A refugee in Yongah Hill detention centre said: “It is overcrowded, some people here have been waiting for years. The rooms that people are in are too small, they are not safe. Most people in Yongah Hill are here for nothing, little things. We just never know when we are going to be released. Some people have lost it, they don’t shower, they don’t brush their teeth, they talk to themselves and it changes people.”

“My kids are struggling, they are struggling with school because I am not there to help them with homework. The needs of children should be put first, but this is not how the government is dealing with this situation. People have children, yet they are stuck here. My roommate’s parents are both Australian, he is stuck here too.”

“I have been working in Australia for nearly 20 years all this time I have been working, the government has just forgotten about all that. I came from a refugee camp I have no other country, all my family are Australian citizens.”

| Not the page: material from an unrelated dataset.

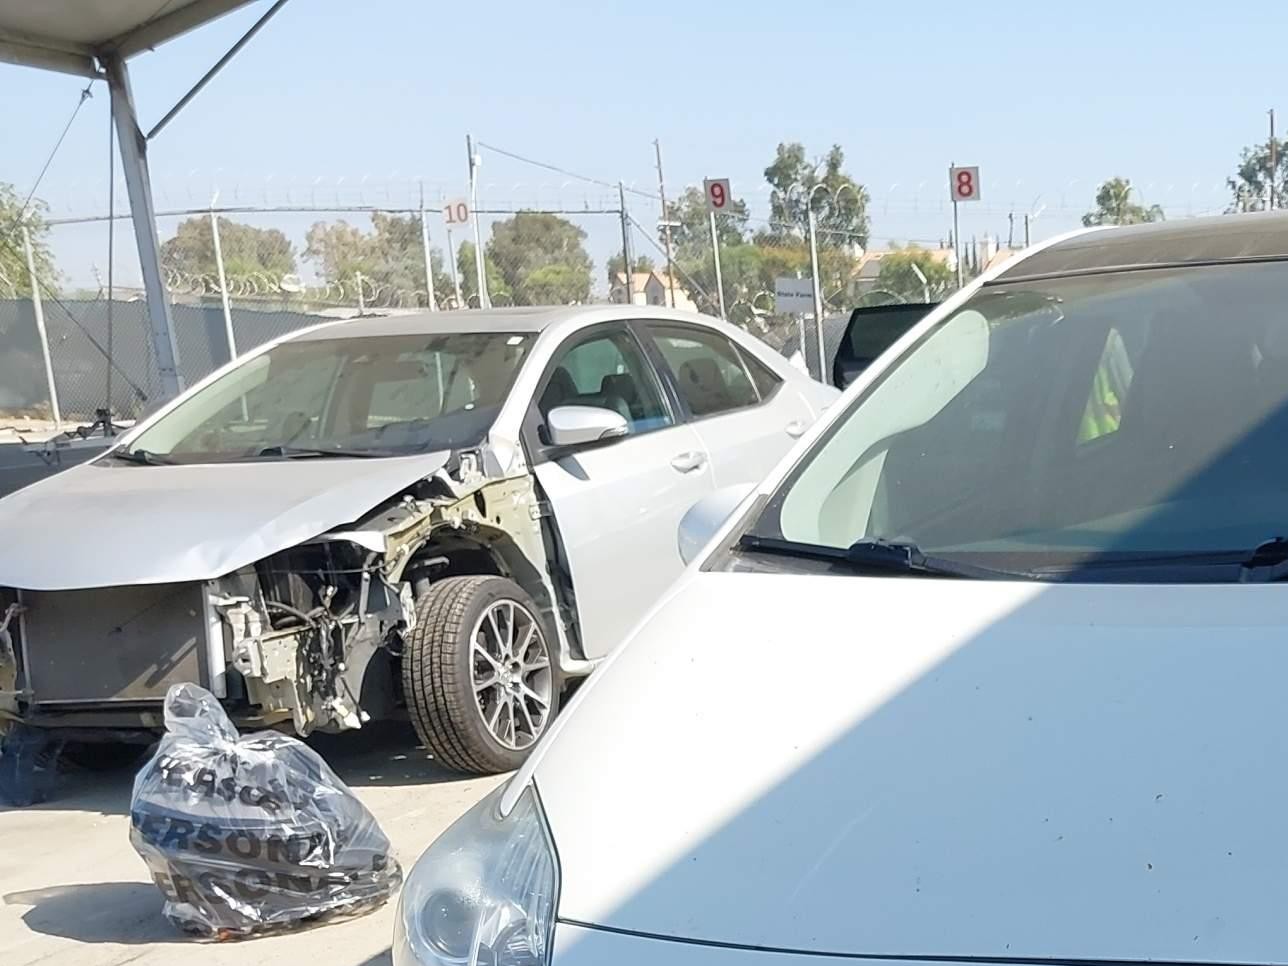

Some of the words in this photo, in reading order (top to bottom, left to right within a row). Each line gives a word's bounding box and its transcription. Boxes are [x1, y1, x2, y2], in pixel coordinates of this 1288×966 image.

Hossein Latifi, a refugee detained for nine years in Australia’s onshore and offshore detentions centres, released in April 2022, said: “In detention, you are just breathing but inside there are no feelings, you become very depressed. You cannot stay hopeful every day, we are human, people get tired, mentally very tired. Even now when we get released we are not like before, I have lost 9 years for no reason.”

“You don’t have any details about your freedom. You want to get out because your mind is trapped in detention, you keep on asking when you are going to get out, but you get nothing.”

“I see good people, quiet people who are in detention since 2012, they have been there for over 10 years. Why? Why does it take 10 years to look at a file? Give them a visa and let them live in the community. The system is broken. People are not in detention for one or two months, they are there for years. It is heartbreaking, when is this going to change? I hope Labor take action soon.”

Hannah Dickinson, Principal Solicitor and Manager of the Human Rights Law Program at ASRC, said: “The situation in Australia’s immigration detention facilities is untenable. Many people in detention do not have adequate legal or medical support, suffering harsh conditions and separation from their families. Each day, often for years, people wake up facing uncertainty, fearing forcible removal (often to persecution, including torture or death), or indefinite detention.”

“These are unsafe places: people are suffering severe psychological harm and they are losing their lives. We call on the Albanese government to prioritise reform of this space to prevent further tragedies. Detention must be a last resort, and the conditions in detention must be humane.”